Sherrah Andrew G, Callaghan Fraser M, Puranik Rajesh, Jeremy Richmond W, Bannon Paul G, Vallely Michael P, Grieve Stuart M
Sydney Medical School, University of Sydney, Sydney, NSW, Australia.
The Baird Institute for Applied Heart and Lung Surgical Research, Sydney, NSW, Australia.
Aorta (Stamford). 2017 Jun 1;5(3):80-90. doi: 10.12945/j.aorta.2017.16.046. eCollection 2017 Jun.
Chronic descending thoracic aortic dissection (CDTAD) following surgical repair of ascending aortic dissection requires long-term imaging surveillance. We investigated four-dimensional (4D)-flow magnetic resonance imaging (MRI) with a novel multi-velocity encoding (multi-VENC) technique as an emerging clinical method enabling the dynamic quantification of blood volume and velocity throughout the cardiac cycle.
Patients with CDTAD (n = 10; mean age, 55.1 years; standard deviation (SD) 10.8) and healthy volunteers (n = 9; mean age, 37.1 years; SD 11.4; p < 0.01) underwent 3T MRI, and standard views and 4D-flow data were obtained. Flow measurements were made in selected regions of interest within the ascending and descending thoracic aorta.
The overall flow profile at peak systole was reduced in the false lumen (FL) compared with the true lumen (TL) and normal aortas (p < 0.05 for velocity < 0.4 m/s). Peak systolic flow rate per aortic lumen area (mL/s/cm) was lower in the FL than in the TL (p < 0.05), and both rates were lower than that of control aortas (p < 0.05). Blood flow reversal was higher in the FL than in the TL throughout the descending aorta in CDTAD patients (p < 0.05). A derived pulsatility index was elevated in the TL compared with that in the FL in CDTAD patients. Generated pathline images demonstrated flow patterns in detail, including sites of communication between the true and FL.

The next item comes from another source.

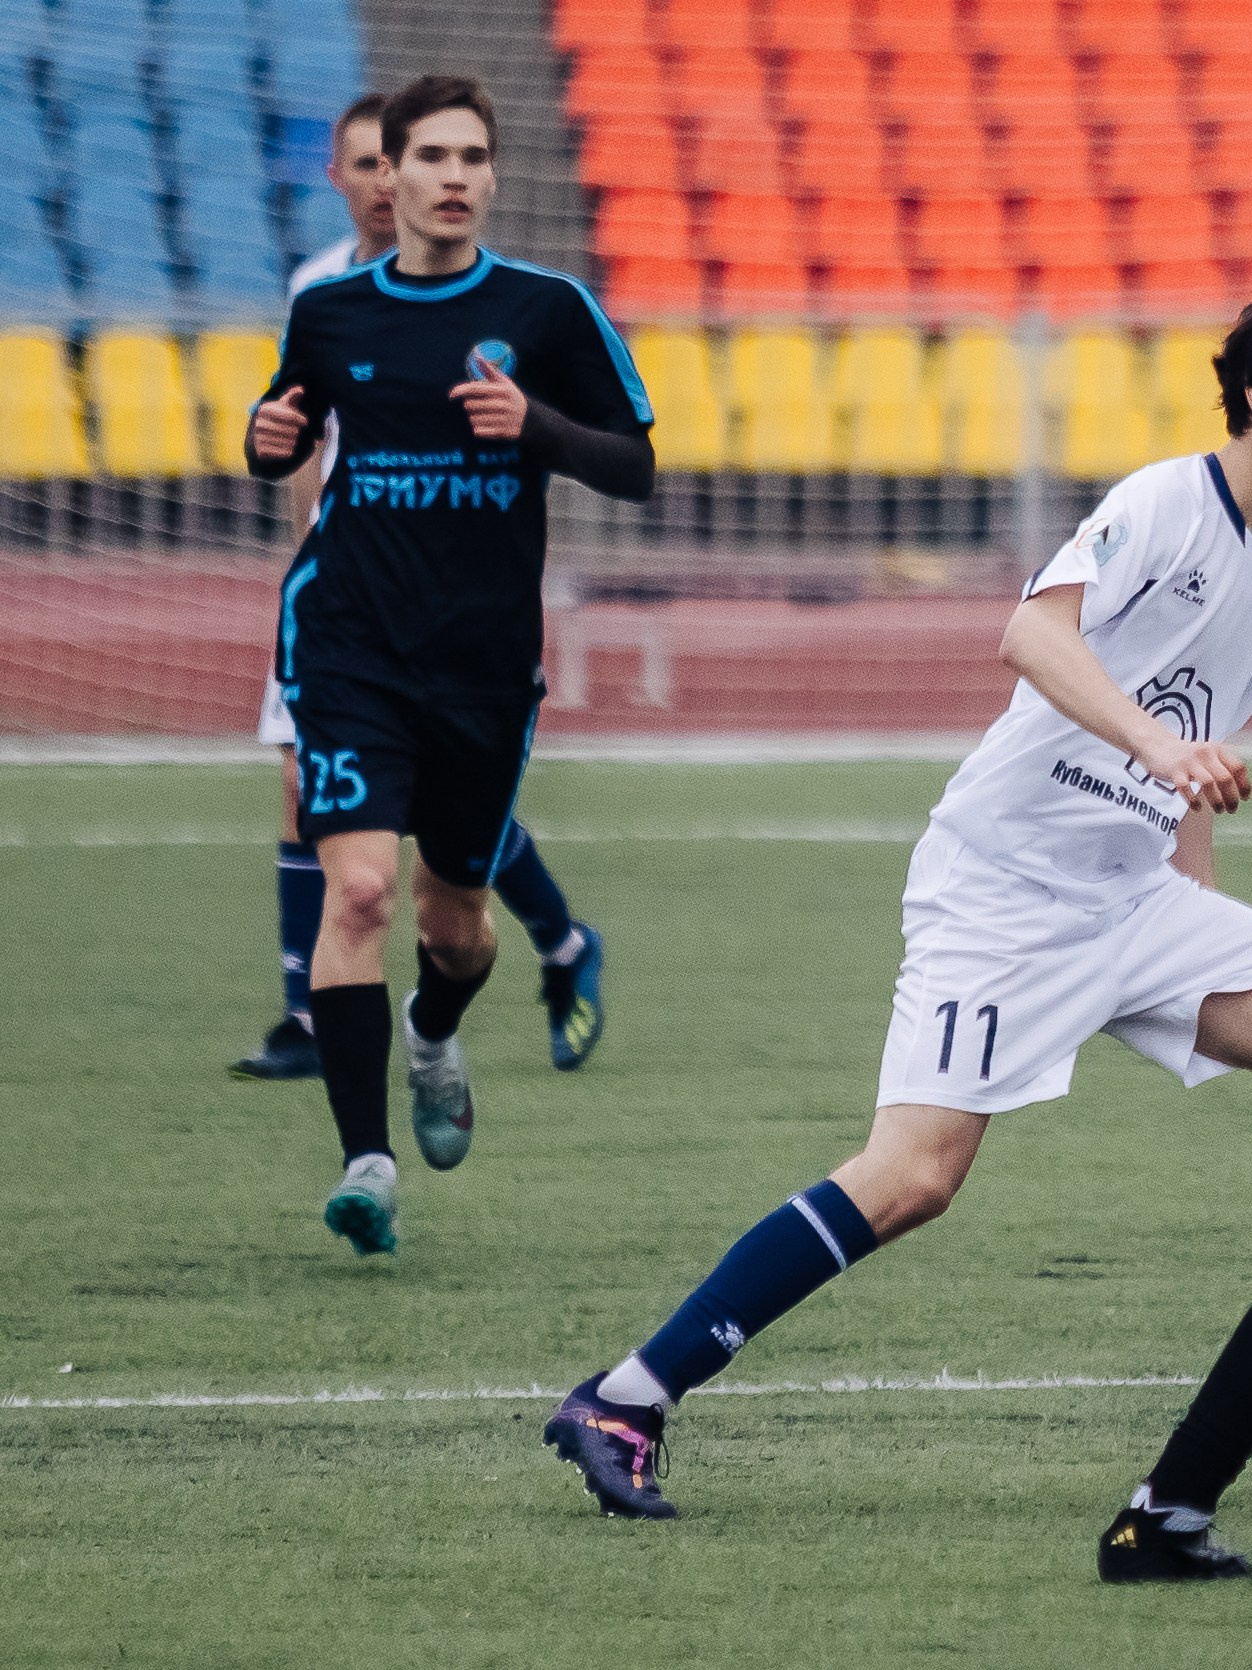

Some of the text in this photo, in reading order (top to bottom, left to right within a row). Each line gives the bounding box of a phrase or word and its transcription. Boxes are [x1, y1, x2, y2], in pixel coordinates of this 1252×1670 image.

[1173, 587, 1205, 607] KELME
[309, 750, 367, 815] 25
[934, 1000, 998, 1081] 11

4D-flow MRI revealed FL blood flow and reduced blood flow velocity and flow rate in the TL of CDTAD patients compared with normal aortas of healthy participants. Thus, multi-VENC 4D-flow MRI could serve as an adjunct in the long-term assessment of CDTAD following surgical repair of ascending aortic dissection.
升主动脉夹层手术修复后发生的慢性降主动脉夹层(CDTAD)需要长期影像学监测。我们研究了采用新型多速度编码(multi-VENC)技术的四维(4D)血流磁共振成像(MRI),这是一种新兴的临床方法,能够在整个心动周期动态定量血容量和血流速度。
对CDTAD患者(n = 10;平均年龄55.1岁;标准差(SD)10.8)和健康志愿者(n = 9;平均年龄37.1岁;SD 11.4;p < 0.01)进行3T MRI检查,获取标准视图和4D血流数据。在升主动脉和降主动脉的选定感兴趣区域进行血流测量。
与真腔(TL)和正常主动脉相比,假腔(FL)在收缩期峰值时的整体血流轮廓降低(速度<0.4 m/s时,p < 0.05)。FL中每主动脉腔面积的收缩期峰值流速(mL/s/cm)低于TL(p < 0.05),且两者均低于对照主动脉(p < 0.05)。CDTAD患者整个降主动脉中FL的血流逆转高于TL(p < 0.05)。CDTAD患者中,TL的衍生搏动指数高于FL。生成的迹线图像详细显示了血流模式,包括真腔和假腔之间的连通部位。
与健康参与者的正常主动脉相比,4D血流MRI显示CDTAD患者的假腔血流、真腔血流速度和流速降低。因此,multi-VENC 4D血流MRI可作为升主动脉夹层手术修复后CDTAD长期评估的辅助手段。